For the records that follow, restate each one word for word and leave the images behind.

Top of MATERIAL FOR THE TASK

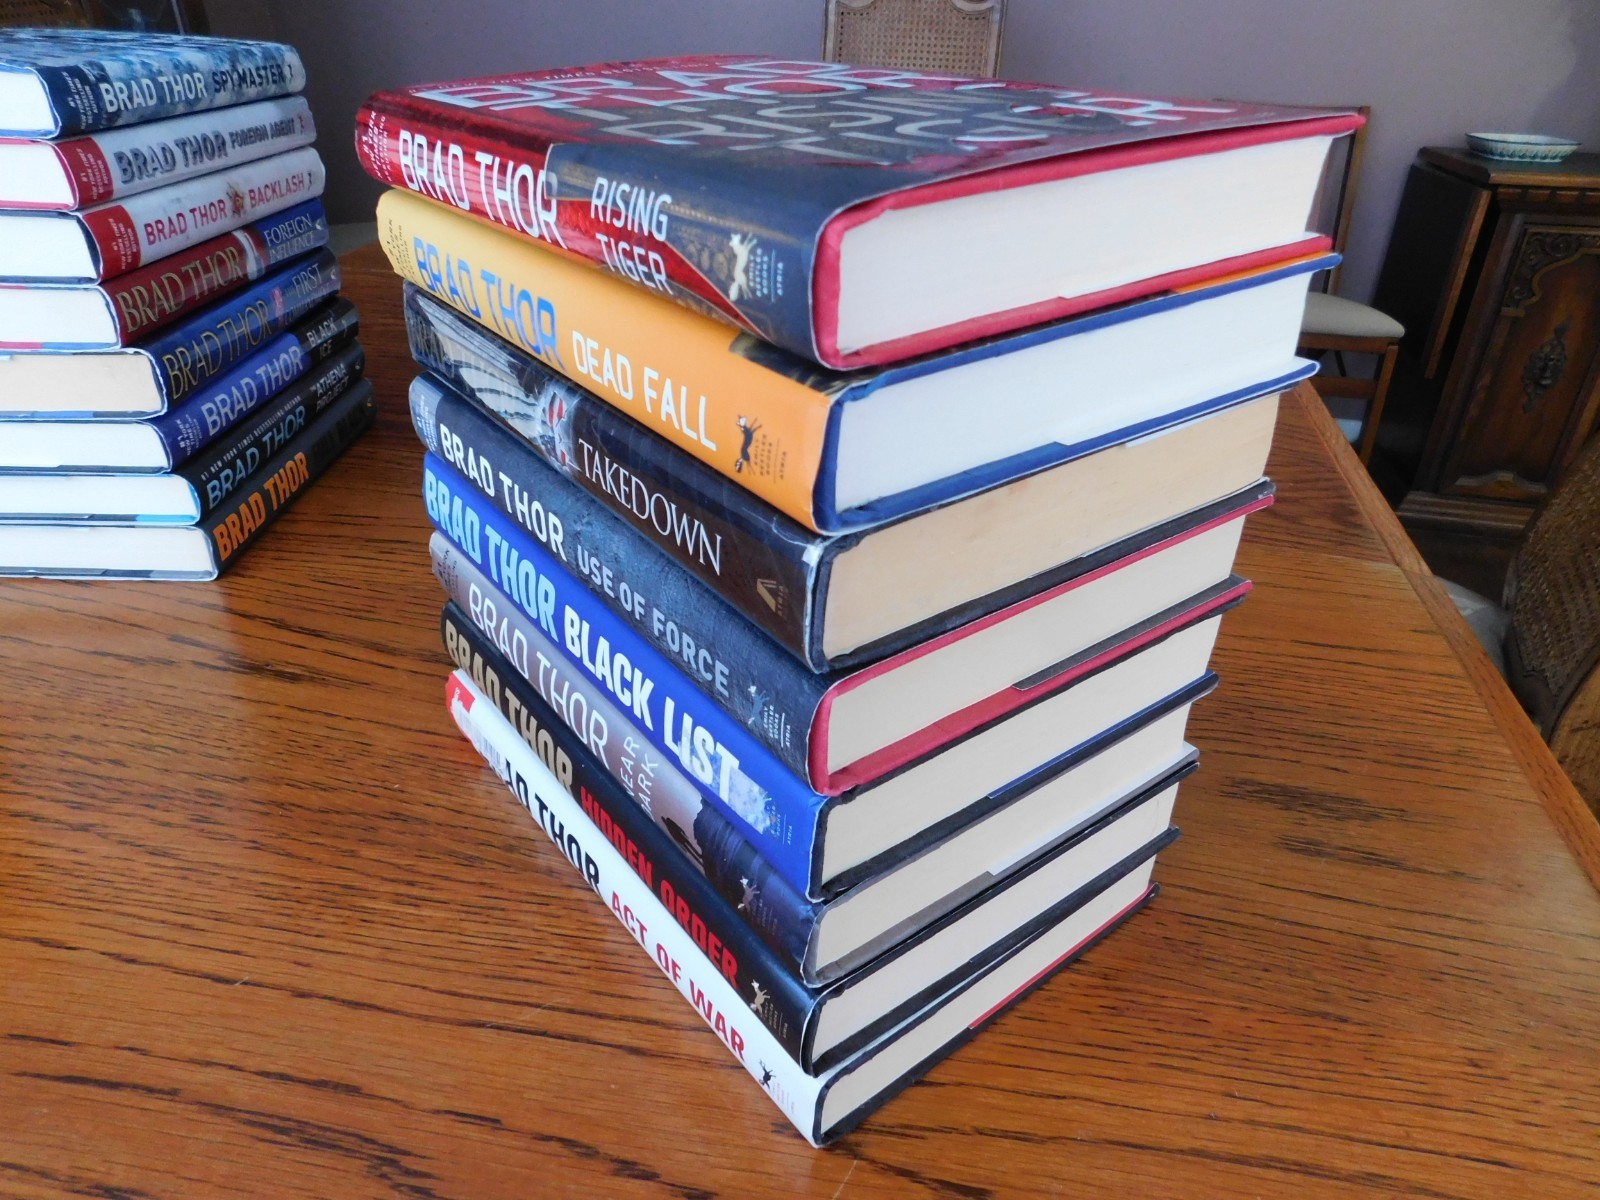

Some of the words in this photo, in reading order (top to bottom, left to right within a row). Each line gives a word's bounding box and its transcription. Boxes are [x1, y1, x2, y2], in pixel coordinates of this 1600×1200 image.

[101, 78, 157, 113] BRAD
[161, 71, 207, 102] THOR
[212, 64, 285, 93] SPYMASTER
[413, 60, 852, 109] BRAD
[114, 143, 176, 184] BRAD
[176, 130, 229, 169] THOR
[229, 123, 268, 151] FOREIGN
[143, 210, 188, 246] BRAD
[190, 199, 227, 234] THOR
[248, 176, 305, 211] BACKLASH
[399, 129, 470, 211] BRAD
[475, 151, 567, 249] THOR
[590, 176, 672, 242] RISING
[115, 269, 185, 333] BRAD
[182, 245, 243, 298] THOR
[264, 213, 313, 247] FOREIGN
[596, 232, 673, 294] TIGER
[162, 331, 223, 401] BRAD
[217, 299, 272, 365] THOR
[292, 263, 322, 298] FIRST
[200, 368, 258, 436] BRAD
[260, 344, 305, 395] THOR
[306, 317, 337, 348] BLACK
[316, 363, 347, 397] ATHENA
[413, 237, 482, 320] BRAD
[480, 269, 569, 373] THOR
[572, 330, 634, 401] DEAD
[643, 367, 717, 451] FALL
[206, 447, 260, 509] BRAD
[262, 405, 305, 457] THOR
[213, 492, 266, 561] BRAD
[263, 452, 310, 511] THOR
[579, 438, 723, 576] TAKEDOWN
[440, 423, 495, 497] BRAD
[499, 471, 567, 561] THOR
[578, 545, 615, 598] USE
[620, 582, 645, 624] OF
[652, 608, 729, 697] FORCE
[425, 468, 482, 565] BRAD
[485, 524, 559, 642] THOR
[564, 604, 654, 731] BLACK
[664, 696, 740, 803] LIST
[469, 583, 529, 680] BRAD
[536, 651, 610, 769] THOR
[446, 619, 501, 709] BRAD
[505, 687, 573, 796] THOR
[581, 786, 653, 888] HIDDEN
[661, 880, 740, 990] ORDER
[535, 792, 601, 895] THOR
[611, 890, 648, 946] ACT
[656, 943, 682, 983] OF
[689, 978, 746, 1061] WAR
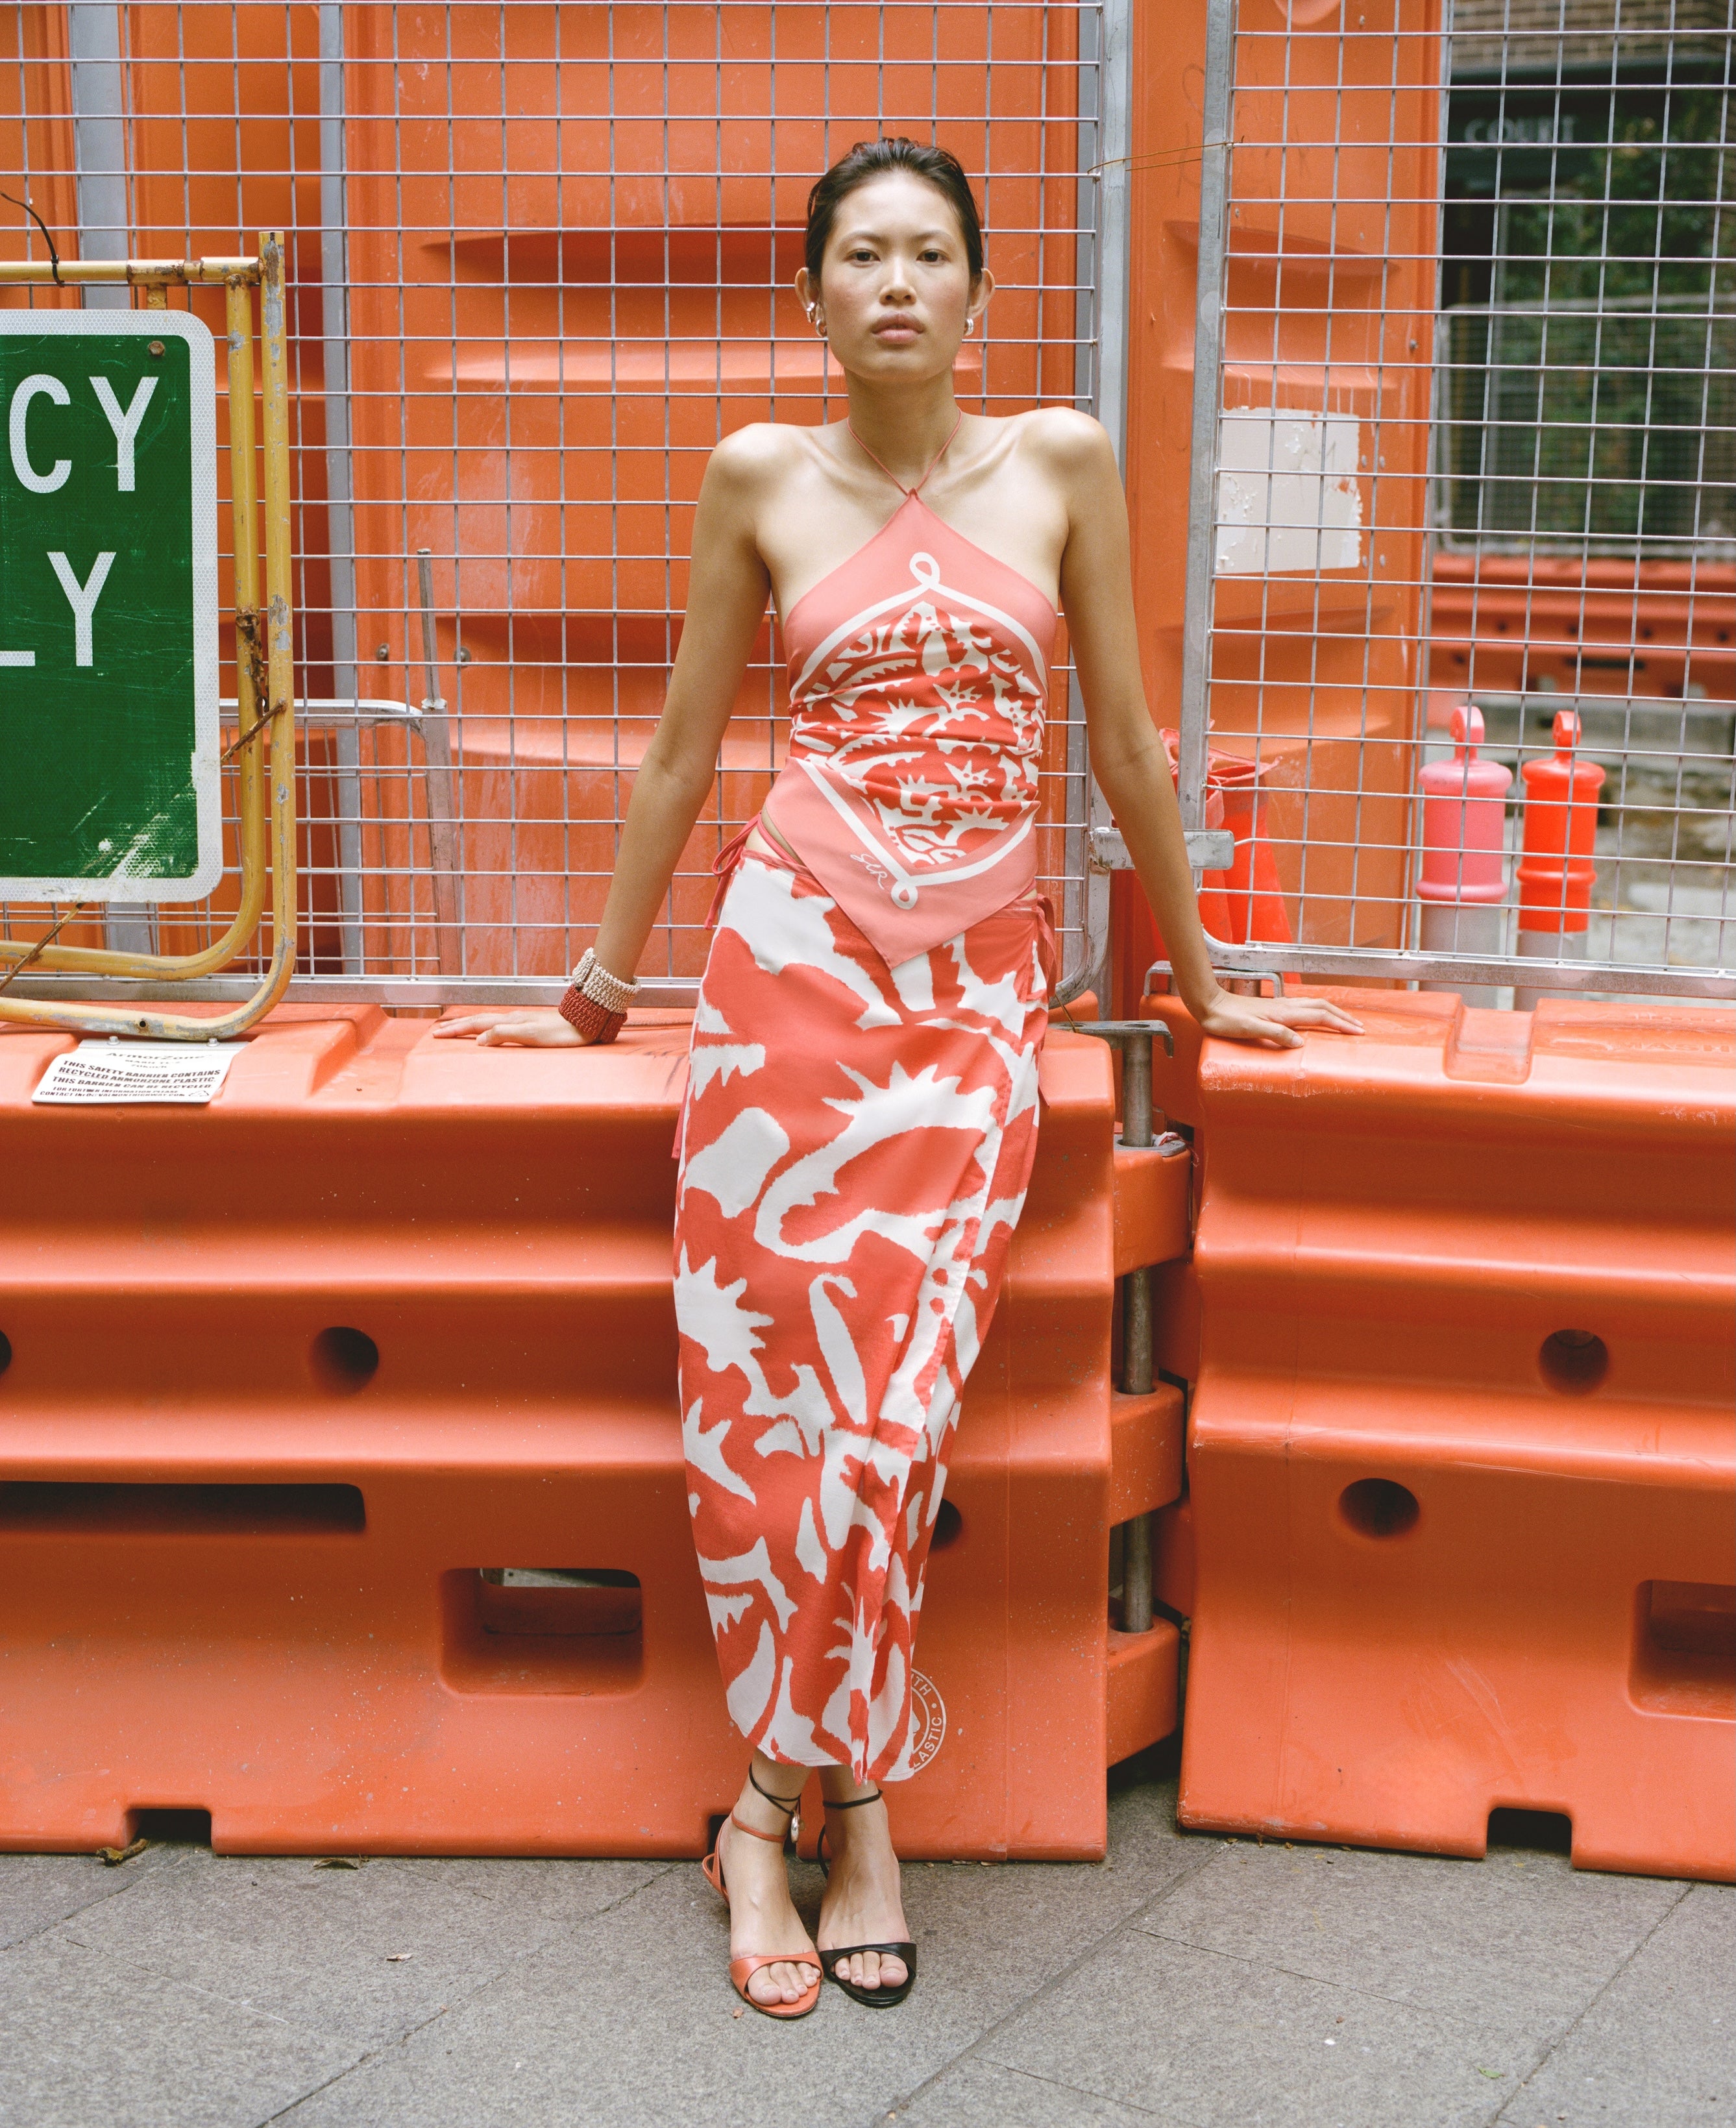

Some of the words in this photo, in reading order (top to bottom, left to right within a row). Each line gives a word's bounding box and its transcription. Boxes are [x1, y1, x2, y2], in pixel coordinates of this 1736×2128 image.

[9, 373, 160, 495] CY
[0, 551, 117, 667] Y
[58, 1067, 109, 1079] RECYCLED
[88, 1065, 124, 1075] SAFETY
[171, 1070, 221, 1078] CONTAINS

Bottom of MATERIAL FOR THE TASK

ANSWER SPACE →
Some of the words in this photo, in reading order (top to bottom, left to right within a row). Each line gives a word's bounding box and its transcription. Boxes are [x1, y1, x2, y2], in pixel coordinates of this 1600×1200 image.

[101, 78, 157, 113] BRAD
[161, 71, 207, 102] THOR
[212, 64, 285, 93] SPYMASTER
[413, 60, 852, 109] BRAD
[114, 143, 176, 184] BRAD
[176, 130, 229, 169] THOR
[229, 123, 268, 151] FOREIGN
[143, 210, 188, 246] BRAD
[190, 199, 227, 234] THOR
[248, 176, 305, 211] BACKLASH
[399, 129, 470, 211] BRAD
[475, 151, 567, 249] THOR
[590, 176, 672, 242] RISING
[115, 269, 185, 333] BRAD
[182, 245, 243, 298] THOR
[264, 213, 313, 247] FOREIGN
[596, 232, 673, 294] TIGER
[162, 331, 223, 401] BRAD
[217, 299, 272, 365] THOR
[292, 263, 322, 298] FIRST
[200, 368, 258, 436] BRAD
[260, 344, 305, 395] THOR
[306, 317, 337, 348] BLACK
[316, 363, 347, 397] ATHENA
[413, 237, 482, 320] BRAD
[480, 269, 569, 373] THOR
[572, 330, 634, 401] DEAD
[643, 367, 717, 451] FALL
[206, 447, 260, 509] BRAD
[262, 405, 305, 457] THOR
[213, 492, 266, 561] BRAD
[263, 452, 310, 511] THOR
[579, 438, 723, 576] TAKEDOWN
[440, 423, 495, 497] BRAD
[499, 471, 567, 561] THOR
[578, 545, 615, 598] USE
[620, 582, 645, 624] OF
[652, 608, 729, 697] FORCE
[425, 468, 482, 565] BRAD
[485, 524, 559, 642] THOR
[564, 604, 654, 731] BLACK
[664, 696, 740, 803] LIST
[469, 583, 529, 680] BRAD
[536, 651, 610, 769] THOR
[446, 619, 501, 709] BRAD
[505, 687, 573, 796] THOR
[581, 786, 653, 888] HIDDEN
[661, 880, 740, 990] ORDER
[535, 792, 601, 895] THOR
[611, 890, 648, 946] ACT
[656, 943, 682, 983] OF
[689, 978, 746, 1061] WAR

Some of the words in this photo, in reading order (top to bottom, left to right within a row). Each line gives a word's bounding box and its transcription. Boxes are [x1, y1, x2, y2], in pixel coordinates of this 1736×2128 image.

[9, 373, 160, 495] CY
[0, 551, 117, 667] Y
[58, 1067, 109, 1079] RECYCLED
[88, 1065, 124, 1075] SAFETY
[171, 1070, 221, 1078] CONTAINS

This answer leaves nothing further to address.